= Bi Shumin =

Chinese writer

Bi Shumin (Chinese: 毕淑敏; born 1952 in Xinjiang) is a Chinese novelist, self-help writer and psychiatrist.

==Biography==
Born in Yili to a Shandong family, she grew up in Beijing and as a young woman served as nurse and psychiatrist in Tibet. Her first published work was a novella, "Kunlun Shang" ("昆仑殇; Death in Kunlun"), based on her experience as a People's Liberation Army medic. She is noted for her women-focused narratives, often surrounding women in the Chinese military on the Tibetan plateau in her earlier work and on urban medical professionals in more recent work.
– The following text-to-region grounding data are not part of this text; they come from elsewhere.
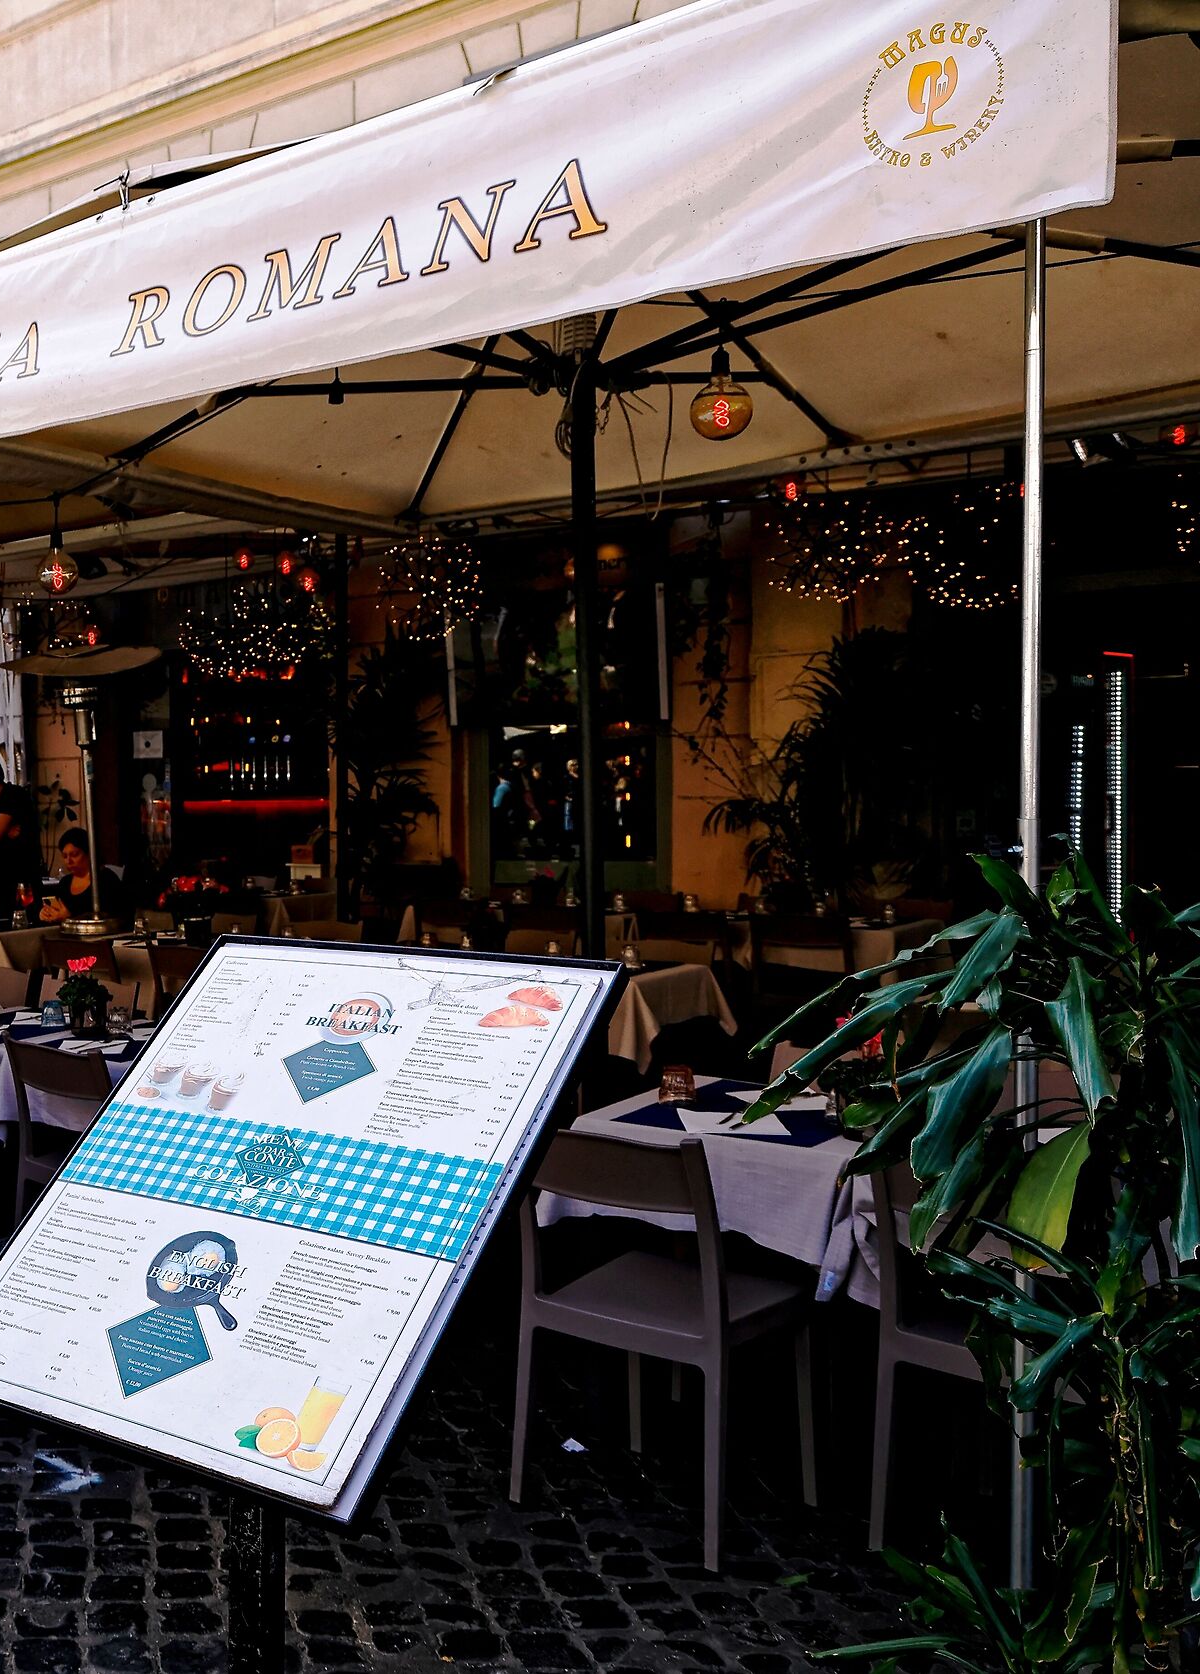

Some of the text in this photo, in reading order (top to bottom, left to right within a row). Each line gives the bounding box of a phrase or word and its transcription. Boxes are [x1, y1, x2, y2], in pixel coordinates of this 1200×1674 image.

[110, 156, 609, 358] ROMANA
[328, 1003, 396, 1020] ITALIAN
[305, 1016, 402, 1037] BREAKFAST
[252, 1133, 309, 1152] MENU
[263, 1145, 285, 1156] DAR
[244, 1150, 298, 1169] CONTE
[193, 1164, 324, 1200] COLAZIONE
[166, 1249, 249, 1279] ENGLISH
[147, 1266, 247, 1300] BREAKFAST
She is also a well-known media presence, based according to one academic analysis on the "charismatic authority claim" that she lives a "balanced and happy life."

Her 2003 novel Save the Breast (拯救乳房) "relates an experimentation of talk therapy with a group of patients to deal with the biopolitics of breast cancer as both social stigma and physio-psychic trauma against the tide of medical marketing in today's China." Her 2012 novel Coronavirus (花冠病毒) drew attention during the COVID-19 pandemic. The title and "much of the novel's source material came from Bi Shumin's own observations during the anti-SARS (Severe Acute Respiratory Syndrome) battle of 2003 in China."

Several examples of both fiction and essays have been translated into English, and her work has attracted critical attention especially from those interested in gender in contemporary Chinese literature and the depiction of medicine and illness. Prizes she has won include the Chen Bochui Children's Literature Award.